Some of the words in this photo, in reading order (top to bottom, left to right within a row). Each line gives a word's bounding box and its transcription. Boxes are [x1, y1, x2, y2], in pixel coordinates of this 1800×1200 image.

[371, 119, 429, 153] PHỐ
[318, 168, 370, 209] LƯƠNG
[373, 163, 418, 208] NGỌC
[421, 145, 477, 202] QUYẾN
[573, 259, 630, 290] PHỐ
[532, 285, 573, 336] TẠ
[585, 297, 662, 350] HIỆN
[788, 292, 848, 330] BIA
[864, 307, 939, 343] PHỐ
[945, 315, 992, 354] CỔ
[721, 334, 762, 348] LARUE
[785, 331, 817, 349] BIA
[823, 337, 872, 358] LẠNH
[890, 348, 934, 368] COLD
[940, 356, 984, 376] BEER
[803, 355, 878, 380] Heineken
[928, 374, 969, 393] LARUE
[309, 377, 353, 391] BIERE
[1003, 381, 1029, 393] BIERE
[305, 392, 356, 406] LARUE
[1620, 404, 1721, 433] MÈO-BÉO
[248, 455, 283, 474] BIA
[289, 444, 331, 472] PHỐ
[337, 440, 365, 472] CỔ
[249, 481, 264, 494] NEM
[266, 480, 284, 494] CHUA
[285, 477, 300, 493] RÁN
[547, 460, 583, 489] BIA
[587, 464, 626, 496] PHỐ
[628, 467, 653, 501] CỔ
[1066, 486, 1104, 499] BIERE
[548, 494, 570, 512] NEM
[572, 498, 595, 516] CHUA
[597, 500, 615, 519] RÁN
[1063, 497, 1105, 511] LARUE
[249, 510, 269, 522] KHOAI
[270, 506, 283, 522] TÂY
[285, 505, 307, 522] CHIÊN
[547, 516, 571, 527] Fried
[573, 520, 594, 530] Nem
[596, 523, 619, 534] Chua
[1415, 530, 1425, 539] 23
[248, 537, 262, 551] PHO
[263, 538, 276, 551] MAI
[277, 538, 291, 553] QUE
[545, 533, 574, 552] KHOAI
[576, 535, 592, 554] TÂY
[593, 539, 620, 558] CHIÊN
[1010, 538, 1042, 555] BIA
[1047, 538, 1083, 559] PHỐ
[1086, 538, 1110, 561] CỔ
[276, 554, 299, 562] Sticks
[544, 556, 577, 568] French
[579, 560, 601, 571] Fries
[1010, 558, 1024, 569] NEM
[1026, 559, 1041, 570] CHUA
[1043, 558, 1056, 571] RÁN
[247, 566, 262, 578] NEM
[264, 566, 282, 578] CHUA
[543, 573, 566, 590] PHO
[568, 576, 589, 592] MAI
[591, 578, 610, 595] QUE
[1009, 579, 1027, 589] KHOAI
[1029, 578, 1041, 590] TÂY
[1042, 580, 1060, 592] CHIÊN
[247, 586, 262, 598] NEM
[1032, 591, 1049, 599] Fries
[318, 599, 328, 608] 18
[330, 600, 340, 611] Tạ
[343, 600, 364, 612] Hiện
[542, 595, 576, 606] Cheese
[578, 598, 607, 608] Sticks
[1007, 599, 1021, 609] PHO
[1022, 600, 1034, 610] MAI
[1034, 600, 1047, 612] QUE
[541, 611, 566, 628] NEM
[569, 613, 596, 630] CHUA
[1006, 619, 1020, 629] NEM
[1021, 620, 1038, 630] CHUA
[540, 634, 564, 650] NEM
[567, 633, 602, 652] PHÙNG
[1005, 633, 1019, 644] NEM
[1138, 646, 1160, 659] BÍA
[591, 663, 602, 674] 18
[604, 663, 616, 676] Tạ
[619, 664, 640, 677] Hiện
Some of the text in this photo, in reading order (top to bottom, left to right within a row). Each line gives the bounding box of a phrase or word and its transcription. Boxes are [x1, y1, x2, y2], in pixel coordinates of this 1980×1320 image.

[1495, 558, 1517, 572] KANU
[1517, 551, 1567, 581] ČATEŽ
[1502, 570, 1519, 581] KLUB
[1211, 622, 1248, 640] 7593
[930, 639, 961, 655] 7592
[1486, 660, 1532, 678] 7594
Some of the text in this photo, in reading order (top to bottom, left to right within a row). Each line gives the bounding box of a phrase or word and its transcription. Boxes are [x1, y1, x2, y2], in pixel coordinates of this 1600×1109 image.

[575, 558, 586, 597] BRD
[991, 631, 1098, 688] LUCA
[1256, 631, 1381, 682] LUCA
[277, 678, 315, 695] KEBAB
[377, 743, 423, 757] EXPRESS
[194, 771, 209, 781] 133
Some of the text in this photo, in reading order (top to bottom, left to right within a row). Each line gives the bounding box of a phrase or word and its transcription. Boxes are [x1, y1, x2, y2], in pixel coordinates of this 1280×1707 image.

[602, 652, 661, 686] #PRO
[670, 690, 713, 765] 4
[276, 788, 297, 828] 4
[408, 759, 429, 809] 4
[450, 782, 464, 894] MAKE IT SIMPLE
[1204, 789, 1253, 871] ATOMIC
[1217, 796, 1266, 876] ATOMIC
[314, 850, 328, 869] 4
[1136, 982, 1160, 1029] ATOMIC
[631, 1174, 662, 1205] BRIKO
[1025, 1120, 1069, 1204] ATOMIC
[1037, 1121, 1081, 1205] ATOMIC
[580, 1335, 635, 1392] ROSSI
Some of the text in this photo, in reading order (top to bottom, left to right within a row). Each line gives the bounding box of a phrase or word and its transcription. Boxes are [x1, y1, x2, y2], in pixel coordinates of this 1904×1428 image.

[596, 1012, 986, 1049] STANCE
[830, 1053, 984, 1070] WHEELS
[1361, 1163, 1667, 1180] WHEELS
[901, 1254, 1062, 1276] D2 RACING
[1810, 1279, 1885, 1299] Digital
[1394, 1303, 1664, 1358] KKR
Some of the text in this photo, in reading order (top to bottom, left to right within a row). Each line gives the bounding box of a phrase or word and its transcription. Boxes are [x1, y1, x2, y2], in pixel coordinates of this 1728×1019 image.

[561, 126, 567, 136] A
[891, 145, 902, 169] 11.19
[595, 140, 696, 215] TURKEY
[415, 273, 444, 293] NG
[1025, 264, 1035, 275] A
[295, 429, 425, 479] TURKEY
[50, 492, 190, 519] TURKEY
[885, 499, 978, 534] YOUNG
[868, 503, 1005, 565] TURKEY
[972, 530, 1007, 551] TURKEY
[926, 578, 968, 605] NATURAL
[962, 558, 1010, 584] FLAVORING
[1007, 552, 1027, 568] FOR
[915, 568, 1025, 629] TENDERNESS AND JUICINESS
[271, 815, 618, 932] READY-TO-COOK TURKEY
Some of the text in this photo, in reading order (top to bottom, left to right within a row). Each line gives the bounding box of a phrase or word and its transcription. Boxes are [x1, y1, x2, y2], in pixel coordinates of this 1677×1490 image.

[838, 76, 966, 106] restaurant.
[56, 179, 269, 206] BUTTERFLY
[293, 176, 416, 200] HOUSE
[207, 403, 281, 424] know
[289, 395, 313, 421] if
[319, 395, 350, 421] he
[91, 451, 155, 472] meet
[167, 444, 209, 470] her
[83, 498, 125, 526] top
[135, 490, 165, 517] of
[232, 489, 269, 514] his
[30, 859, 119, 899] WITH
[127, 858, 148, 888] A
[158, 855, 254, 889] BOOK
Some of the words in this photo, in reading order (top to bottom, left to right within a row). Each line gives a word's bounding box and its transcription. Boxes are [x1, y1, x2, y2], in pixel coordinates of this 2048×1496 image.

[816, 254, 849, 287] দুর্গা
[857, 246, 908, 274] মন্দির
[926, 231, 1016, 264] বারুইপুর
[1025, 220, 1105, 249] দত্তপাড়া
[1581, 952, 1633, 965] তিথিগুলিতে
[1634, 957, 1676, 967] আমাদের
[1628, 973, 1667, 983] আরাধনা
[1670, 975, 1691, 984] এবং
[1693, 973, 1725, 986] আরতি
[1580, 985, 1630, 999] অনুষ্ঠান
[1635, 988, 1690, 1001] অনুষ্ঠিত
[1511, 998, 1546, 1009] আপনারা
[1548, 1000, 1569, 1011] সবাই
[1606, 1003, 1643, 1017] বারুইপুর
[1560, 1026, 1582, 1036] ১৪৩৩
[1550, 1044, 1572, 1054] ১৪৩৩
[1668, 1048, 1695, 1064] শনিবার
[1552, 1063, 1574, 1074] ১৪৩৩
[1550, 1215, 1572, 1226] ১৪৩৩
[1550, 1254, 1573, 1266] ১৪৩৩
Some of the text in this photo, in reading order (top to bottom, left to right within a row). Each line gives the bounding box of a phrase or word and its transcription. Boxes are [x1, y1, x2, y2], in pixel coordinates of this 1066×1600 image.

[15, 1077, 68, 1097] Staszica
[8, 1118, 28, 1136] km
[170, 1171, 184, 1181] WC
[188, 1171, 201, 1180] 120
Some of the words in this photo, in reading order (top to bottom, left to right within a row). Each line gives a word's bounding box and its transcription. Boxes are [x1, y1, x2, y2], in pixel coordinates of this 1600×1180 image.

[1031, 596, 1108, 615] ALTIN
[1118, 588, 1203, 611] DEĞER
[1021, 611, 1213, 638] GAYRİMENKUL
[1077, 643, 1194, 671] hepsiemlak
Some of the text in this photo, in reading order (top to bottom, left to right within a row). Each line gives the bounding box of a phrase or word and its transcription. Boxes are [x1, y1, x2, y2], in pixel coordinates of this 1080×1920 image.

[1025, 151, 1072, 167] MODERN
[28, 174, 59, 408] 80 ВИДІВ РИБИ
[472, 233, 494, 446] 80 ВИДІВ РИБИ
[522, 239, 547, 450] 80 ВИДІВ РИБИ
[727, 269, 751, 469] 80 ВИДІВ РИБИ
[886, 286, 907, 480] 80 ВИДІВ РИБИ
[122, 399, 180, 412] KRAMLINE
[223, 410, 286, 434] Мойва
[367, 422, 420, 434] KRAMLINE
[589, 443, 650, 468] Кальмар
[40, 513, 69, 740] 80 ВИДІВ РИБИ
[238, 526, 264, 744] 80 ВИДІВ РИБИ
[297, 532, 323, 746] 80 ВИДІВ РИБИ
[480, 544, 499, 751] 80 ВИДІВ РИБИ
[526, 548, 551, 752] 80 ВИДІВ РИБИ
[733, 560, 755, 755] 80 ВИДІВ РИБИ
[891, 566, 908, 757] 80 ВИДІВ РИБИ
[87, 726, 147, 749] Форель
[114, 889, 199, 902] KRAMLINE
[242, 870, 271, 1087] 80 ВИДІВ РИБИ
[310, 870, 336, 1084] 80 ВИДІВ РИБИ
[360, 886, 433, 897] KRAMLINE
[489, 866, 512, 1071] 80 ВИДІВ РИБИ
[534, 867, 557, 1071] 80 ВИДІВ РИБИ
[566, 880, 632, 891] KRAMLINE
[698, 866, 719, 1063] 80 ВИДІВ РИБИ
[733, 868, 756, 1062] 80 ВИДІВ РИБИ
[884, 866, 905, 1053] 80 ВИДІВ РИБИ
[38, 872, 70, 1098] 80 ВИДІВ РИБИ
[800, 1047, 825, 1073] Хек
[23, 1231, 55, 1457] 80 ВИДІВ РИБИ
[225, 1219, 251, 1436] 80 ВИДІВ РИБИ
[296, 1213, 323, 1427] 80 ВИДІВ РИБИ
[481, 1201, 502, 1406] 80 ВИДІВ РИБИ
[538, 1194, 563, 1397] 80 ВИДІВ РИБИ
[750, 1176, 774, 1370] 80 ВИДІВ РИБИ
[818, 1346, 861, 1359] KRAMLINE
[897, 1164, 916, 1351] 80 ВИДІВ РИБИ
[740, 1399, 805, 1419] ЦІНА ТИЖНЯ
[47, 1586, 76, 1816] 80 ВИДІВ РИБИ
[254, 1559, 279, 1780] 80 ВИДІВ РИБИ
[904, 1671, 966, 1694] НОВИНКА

### What you should do
Find the line that contains "this 1600×1180 image.". Repeat it and every line after it, exactly as written, up to and including the last line of the records above.

### Result
Some of the words in this photo, in reading order (top to bottom, left to right within a row). Each line gives a word's bounding box and its transcription. Boxes are [x1, y1, x2, y2], in pixel coordinates of this 1600×1180 image.

[1031, 596, 1108, 615] ALTIN
[1118, 588, 1203, 611] DEĞER
[1021, 611, 1213, 638] GAYRİMENKUL
[1077, 643, 1194, 671] hepsiemlak
Some of the text in this photo, in reading order (top to bottom, left to right within a row). Each line gives the bounding box of a phrase or word and its transcription. Boxes are [x1, y1, x2, y2], in pixel coordinates of this 1080×1920 image.

[1025, 151, 1072, 167] MODERN
[28, 174, 59, 408] 80 ВИДІВ РИБИ
[472, 233, 494, 446] 80 ВИДІВ РИБИ
[522, 239, 547, 450] 80 ВИДІВ РИБИ
[727, 269, 751, 469] 80 ВИДІВ РИБИ
[886, 286, 907, 480] 80 ВИДІВ РИБИ
[122, 399, 180, 412] KRAMLINE
[223, 410, 286, 434] Мойва
[367, 422, 420, 434] KRAMLINE
[589, 443, 650, 468] Кальмар
[40, 513, 69, 740] 80 ВИДІВ РИБИ
[238, 526, 264, 744] 80 ВИДІВ РИБИ
[297, 532, 323, 746] 80 ВИДІВ РИБИ
[480, 544, 499, 751] 80 ВИДІВ РИБИ
[526, 548, 551, 752] 80 ВИДІВ РИБИ
[733, 560, 755, 755] 80 ВИДІВ РИБИ
[891, 566, 908, 757] 80 ВИДІВ РИБИ
[87, 726, 147, 749] Форель
[114, 889, 199, 902] KRAMLINE
[242, 870, 271, 1087] 80 ВИДІВ РИБИ
[310, 870, 336, 1084] 80 ВИДІВ РИБИ
[360, 886, 433, 897] KRAMLINE
[489, 866, 512, 1071] 80 ВИДІВ РИБИ
[534, 867, 557, 1071] 80 ВИДІВ РИБИ
[566, 880, 632, 891] KRAMLINE
[698, 866, 719, 1063] 80 ВИДІВ РИБИ
[733, 868, 756, 1062] 80 ВИДІВ РИБИ
[884, 866, 905, 1053] 80 ВИДІВ РИБИ
[38, 872, 70, 1098] 80 ВИДІВ РИБИ
[800, 1047, 825, 1073] Хек
[23, 1231, 55, 1457] 80 ВИДІВ РИБИ
[225, 1219, 251, 1436] 80 ВИДІВ РИБИ
[296, 1213, 323, 1427] 80 ВИДІВ РИБИ
[481, 1201, 502, 1406] 80 ВИДІВ РИБИ
[538, 1194, 563, 1397] 80 ВИДІВ РИБИ
[750, 1176, 774, 1370] 80 ВИДІВ РИБИ
[818, 1346, 861, 1359] KRAMLINE
[897, 1164, 916, 1351] 80 ВИДІВ РИБИ
[740, 1399, 805, 1419] ЦІНА ТИЖНЯ
[47, 1586, 76, 1816] 80 ВИДІВ РИБИ
[254, 1559, 279, 1780] 80 ВИДІВ РИБИ
[904, 1671, 966, 1694] НОВИНКА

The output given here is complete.